Diplomasi
Putin’in Bakü ziyaretinde neler konuşuldu?

Rusya Devlet Başkanı Vladimir Putin, yılbaşından bu yana Azerbaycan Cumhurbaşkanı İlham Aliyev ile üçüncü yüz yüze görüşmesini gerçekleştirmek üzere dün Bakü’ye gitti. Rusya lideri, Bakü’ye en son Eylül 2018’de ziyaret düzenlemişti.
Rusya ve Azerbaycan liderleri arasındaki son yüz yüze görüşme, temmuz ayında Astana’daki Şanghay İşbirliği Örgütü (ŞİÖ) zirvesinde gerçekleşti.

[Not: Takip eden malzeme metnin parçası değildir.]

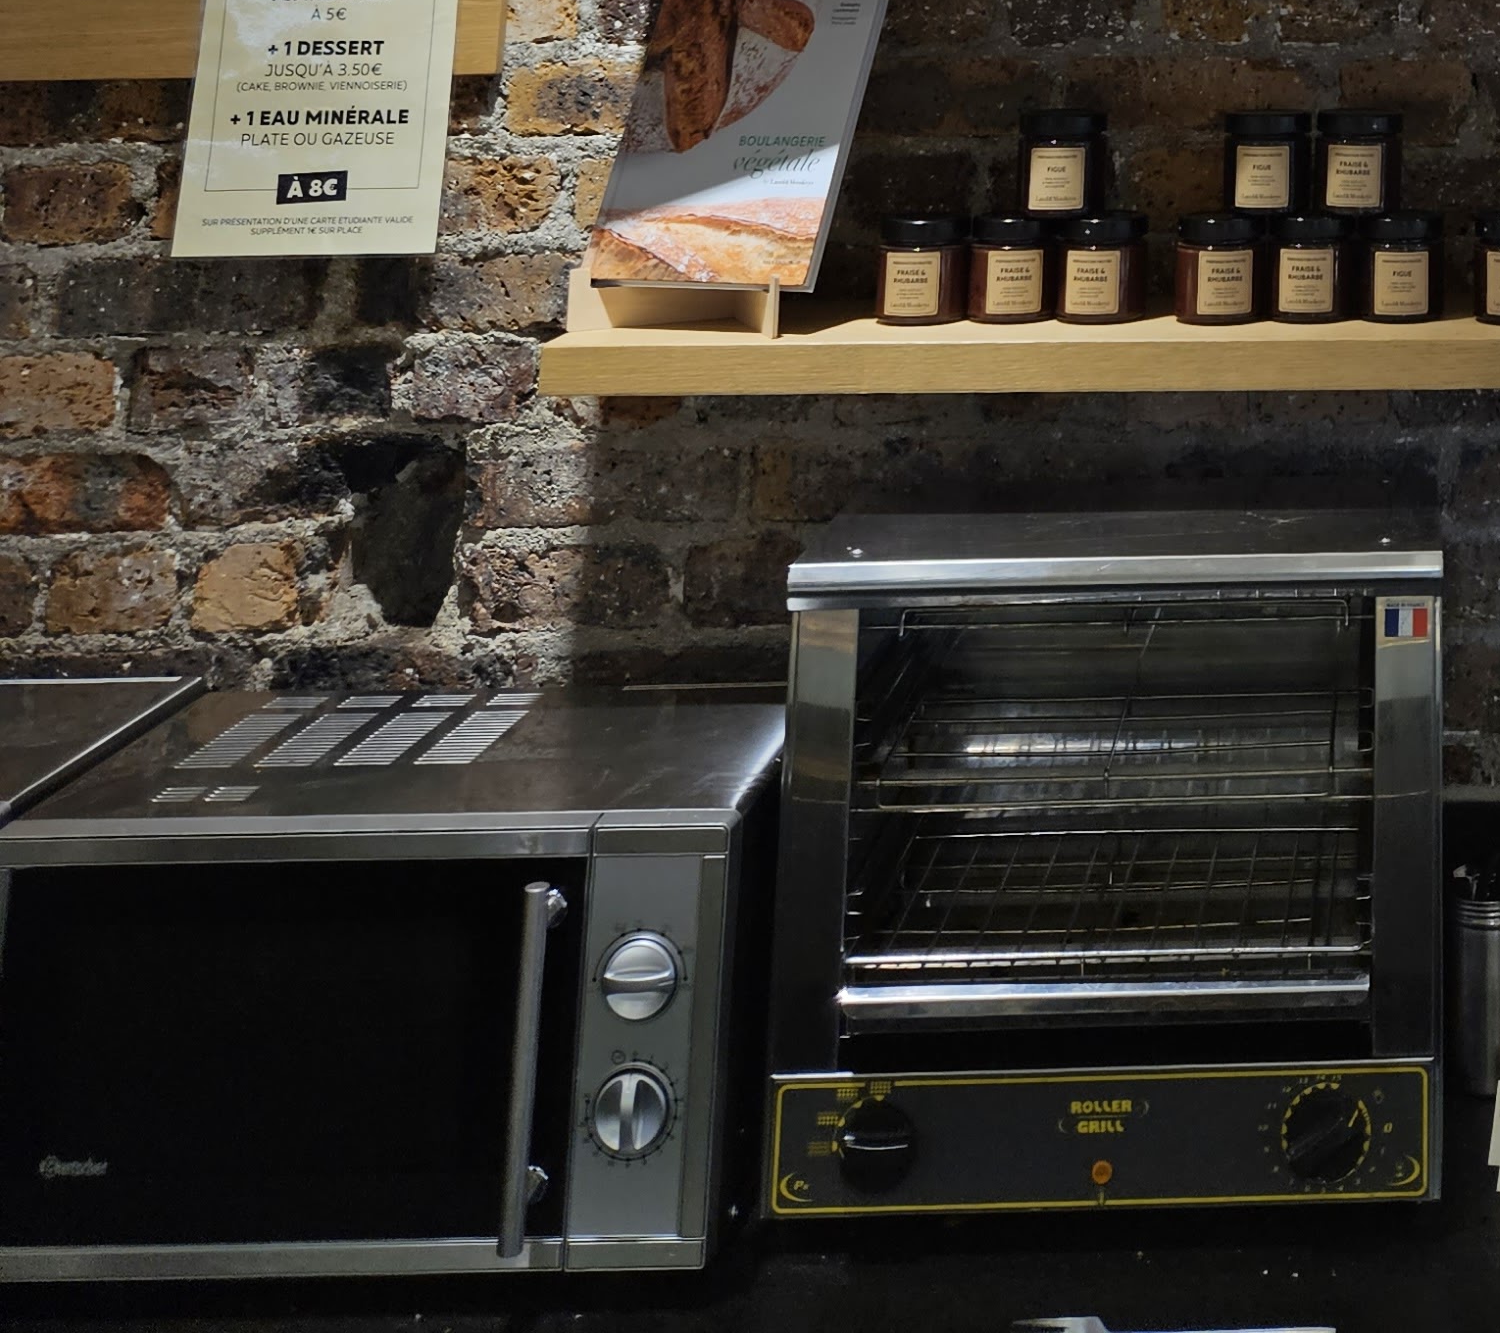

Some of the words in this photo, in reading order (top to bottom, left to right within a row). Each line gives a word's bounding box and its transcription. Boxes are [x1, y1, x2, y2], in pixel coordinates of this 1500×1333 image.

Ayrıca Aliyev, Rus barış güçlerinin Karabağ’dan çekilmesinden kısa bir süre sonra ve babası Haydar Aliyev’in katılımıyla inşa edilen Baykal-Amur Ana Hattı demiryolunun yıldönümünü kutlamak üzere nisan ayında Moskova’ya gitmişti.
Görüşmelerin ana konuları geleneksel olarak ticaret ve ulaştırma işbirliğinin geliştirilmesinin yanı sıra Dağlık Karabağ ihtilafının çözümü de dahil olmak üzere Güney Kafkasya’nın güvenlik meseleleri oldu.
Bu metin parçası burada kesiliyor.